In silico Docking Analysis of Active Biomolecules from Cissus quadrangularis L. against PPAR-γ

Abstract

Introduction: Thiazolidinedione’s are widely used synthetic antidiabetic agents. These agents affect the pumping power of heart muscle due to the formation of edema; limiting their usage in patients with congestive heart failure. The current study was aimed to perform in silico docking study of bioactive phytoconstituents from Cissus quadrangularis Linn. against the target Peroxisome proliferator-activated gamma (PPAR-γ). Materials and Methods: The docking study was performed by using AutoDock 4.2. The chemical constituents were retrieved from the PubChem database.
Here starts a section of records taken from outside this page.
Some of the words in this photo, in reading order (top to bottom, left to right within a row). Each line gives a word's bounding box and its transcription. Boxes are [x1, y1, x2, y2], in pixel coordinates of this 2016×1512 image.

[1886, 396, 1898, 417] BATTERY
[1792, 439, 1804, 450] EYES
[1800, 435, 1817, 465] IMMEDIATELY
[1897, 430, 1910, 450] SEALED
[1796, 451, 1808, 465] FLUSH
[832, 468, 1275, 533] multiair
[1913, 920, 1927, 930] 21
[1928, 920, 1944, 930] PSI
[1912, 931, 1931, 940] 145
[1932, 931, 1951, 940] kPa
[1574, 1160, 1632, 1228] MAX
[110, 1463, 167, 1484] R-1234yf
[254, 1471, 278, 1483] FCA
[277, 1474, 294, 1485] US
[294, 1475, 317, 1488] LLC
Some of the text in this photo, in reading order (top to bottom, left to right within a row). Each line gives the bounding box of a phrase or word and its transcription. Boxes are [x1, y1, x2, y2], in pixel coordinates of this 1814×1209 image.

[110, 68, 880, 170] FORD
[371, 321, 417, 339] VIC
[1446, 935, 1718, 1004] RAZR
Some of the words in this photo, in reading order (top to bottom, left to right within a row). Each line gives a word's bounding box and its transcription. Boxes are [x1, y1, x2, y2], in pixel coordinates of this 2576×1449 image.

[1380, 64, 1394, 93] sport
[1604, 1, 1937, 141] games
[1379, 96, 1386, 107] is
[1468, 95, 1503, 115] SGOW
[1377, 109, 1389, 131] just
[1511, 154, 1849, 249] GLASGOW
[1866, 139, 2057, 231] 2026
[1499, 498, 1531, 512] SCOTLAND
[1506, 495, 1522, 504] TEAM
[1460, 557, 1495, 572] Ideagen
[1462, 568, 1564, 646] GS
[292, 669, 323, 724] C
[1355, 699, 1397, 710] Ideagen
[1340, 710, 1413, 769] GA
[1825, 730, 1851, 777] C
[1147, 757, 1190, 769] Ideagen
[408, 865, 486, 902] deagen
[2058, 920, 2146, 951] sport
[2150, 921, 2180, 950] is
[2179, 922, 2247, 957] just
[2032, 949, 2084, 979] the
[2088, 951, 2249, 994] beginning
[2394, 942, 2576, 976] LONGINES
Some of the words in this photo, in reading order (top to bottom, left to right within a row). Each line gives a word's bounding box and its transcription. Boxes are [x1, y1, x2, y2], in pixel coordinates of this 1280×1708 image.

The pharmacokinetic and toxicological parameters of each compound were predicted using PreADMET online server. The drug-likeness character of each compounds were predicted using Molsoft. Results: Quercetin scored highest drug-likeness character. Among the seven compounds, four compounds scored positive drug-likeness score. Qaudrangularin A showed highest binding affinity with the target protein. Discussion: All the compounds showed the binding affinity with the target protein suggesting that the compounds from Cissus quadrangularis can be utilized to target PPAR-γ in the management of diabetes. The study suggests supporting the current study by performing wet lab experiments.